You can contribute in many ways:
Types of Contributions¶
Report bugs at https://github.com/rnag/dataclass-wizard/issues.
If you are reporting a bug, please include:
Your operating system name and version.
Any details about your local setup that might be helpful in troubleshooting.
Detailed steps to reproduce the bug.
Look through the GitHub issues for bugs. Anything tagged with “bug” and “help wanted” is open to whoever wants to implement it.
Look through the GitHub issues for features. Anything tagged with “enhancement” and “help wanted” is open to whoever wants to implement it.

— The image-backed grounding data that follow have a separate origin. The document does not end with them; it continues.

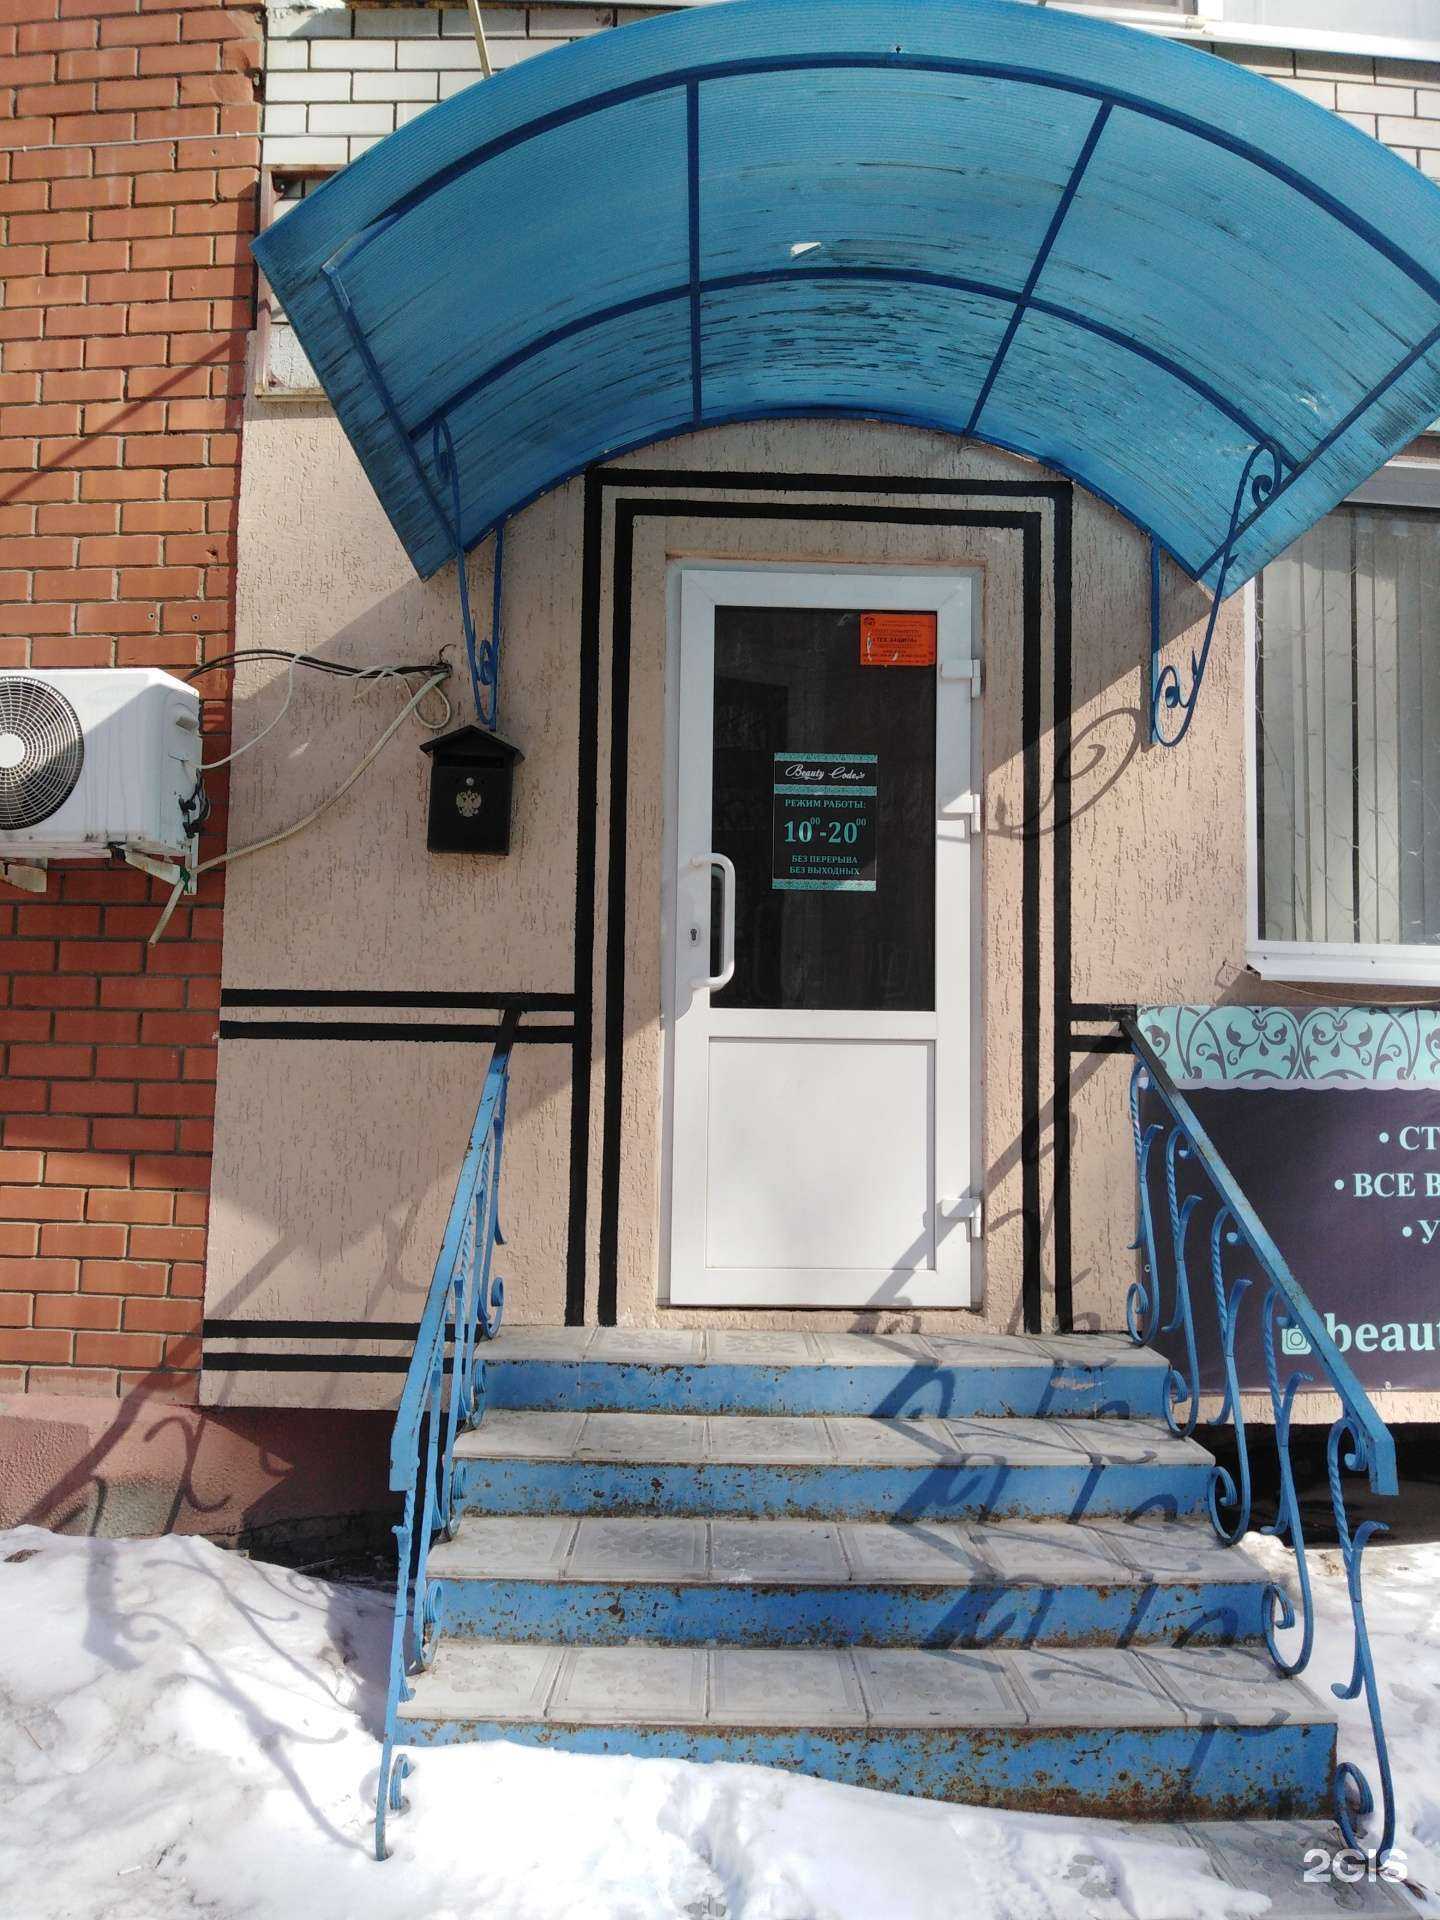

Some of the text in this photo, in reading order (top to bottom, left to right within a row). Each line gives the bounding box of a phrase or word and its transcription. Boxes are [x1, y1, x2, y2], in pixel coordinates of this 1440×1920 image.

[785, 763, 859, 781] Beauty Code
[785, 799, 866, 809] РЕЖИМ РАБОТЫ:
[791, 854, 858, 864] БЕЗ ПЕРЕРЫВА
[789, 866, 860, 876] БЕЗ ВЫХОДНЫХ
[1352, 1172, 1416, 1197] ВСЕ
[1324, 1313, 1440, 1353] beau

Dataclass Wizard could always use more documentation, whether as part of the official Dataclass Wizard docs, in docstrings, or even on the web in blog posts, articles, and such.

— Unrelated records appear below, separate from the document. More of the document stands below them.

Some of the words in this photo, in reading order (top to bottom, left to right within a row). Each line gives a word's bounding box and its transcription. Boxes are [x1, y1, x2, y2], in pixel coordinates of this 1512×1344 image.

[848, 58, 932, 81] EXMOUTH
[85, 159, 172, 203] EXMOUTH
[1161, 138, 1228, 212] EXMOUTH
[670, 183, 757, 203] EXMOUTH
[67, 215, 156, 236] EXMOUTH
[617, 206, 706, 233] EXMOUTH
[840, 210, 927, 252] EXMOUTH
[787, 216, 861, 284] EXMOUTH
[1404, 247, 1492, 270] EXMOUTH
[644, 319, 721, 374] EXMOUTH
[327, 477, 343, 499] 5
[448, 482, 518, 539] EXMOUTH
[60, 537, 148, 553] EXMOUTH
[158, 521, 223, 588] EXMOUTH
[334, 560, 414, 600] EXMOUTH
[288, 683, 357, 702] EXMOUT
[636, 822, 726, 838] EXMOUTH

The best way to send feedback is to file an issue at https://github.com/rnag/dataclass-wizard/issues.
If you are proposing a feature:
Explain in detail how it would work.
Keep the scope as narrow as possible, to make it easier to implement.
Remember that this is a volunteer-driven project, and that contributions are welcome :)

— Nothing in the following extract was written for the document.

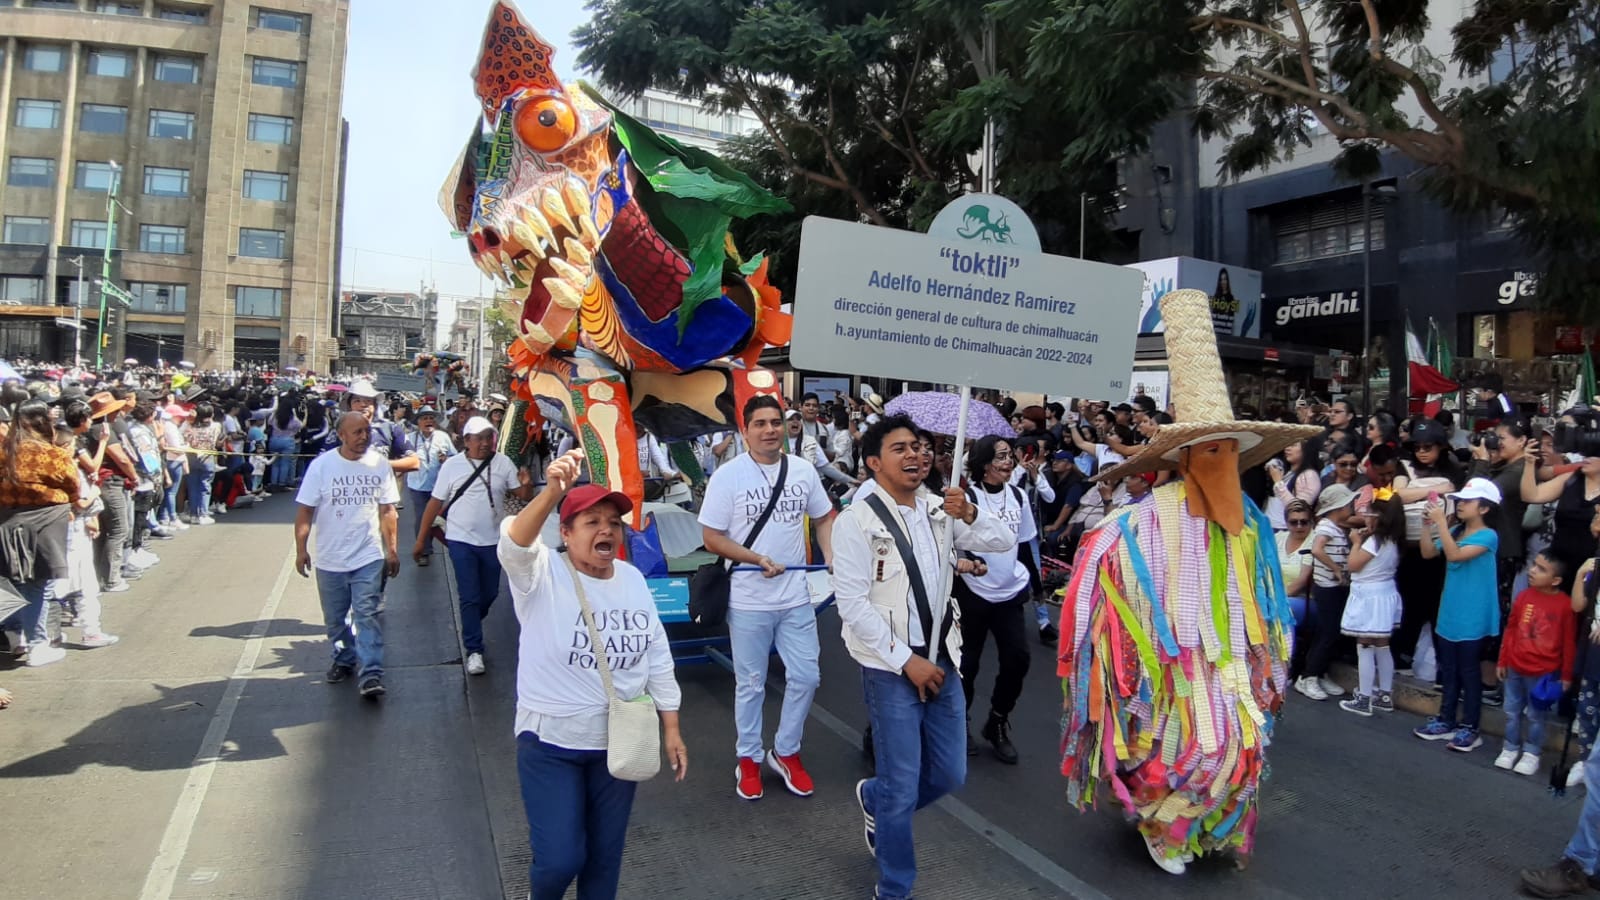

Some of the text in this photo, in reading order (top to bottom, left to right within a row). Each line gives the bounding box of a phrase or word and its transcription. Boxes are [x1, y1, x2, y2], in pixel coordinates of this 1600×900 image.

Ready to contribute? Here’s how to set up dataclass-wizard for local development.
Fork the dataclass-wizard repo on GitHub.
Clone your fork locally:
$ git clone firstname.lastname@example.org:your_name_here/dataclass-wizard.git
Install your local copy into a virtualenv. Assuming you have virtualenvwrapper installed, this is how you set up your fork for local development:
$ mkvirtualenv dataclass-wizard $ cd dataclass-wizard/ $ make init
Create a branch for local development:
$ git checkout -b name-of-your-bugfix-or-feature
Now you can make your changes locally.
When you’re done making changes, check that your changes pass flake8 and the tests, including testing other Python versions with tox:
$ make lint $ make test $ tox
To get flake8 and tox, just pip install them into your virtualenv.
Commit your changes and push your branch to GitHub:
$ git add . $ git commit -m "Your detailed description of your changes." $ git push origin name-of-your-bugfix-or-feature
Submit a pull request through the GitHub website.
Pull Request Guidelines¶
Before you submit a pull request, check that it meets these guidelines:
The pull request should include tests.
If the pull request adds functionality, the docs should be updated. Put your new functionality into a function with a docstring, and add the feature to the list in README.rst.
The pull request should work for Python 3.6, 3.7, 3.8, 3.9 and 3.10, and for PyPy. Check https://github.com/rnag/dataclass-wizard/actions/workflows/dev.yml and make sure that the tests pass for all supported Python versions.
To run a subset of tests:
$ pytest tests/unit/test_dataclass_wizard.py::test_my_func
Tip: The last command below is used to push both the commit and the new tag to the remote branch simultaneously. There is also a simpler alternative as mentioned in this post, which involves running the following command:
$ git config --global push.followTags true
After that, you should be able to simply run the below command to push both the commits and tags simultaneously:
$ git push
A reminder for the maintainers on how to deploy. Make sure all your changes are committed (including an entry in HISTORY.rst). Then run:
$ bump2version patch # possible: major / minor / patch $ git push && git push --tags
GitHub Actions will then deploy to PyPI if tests pass.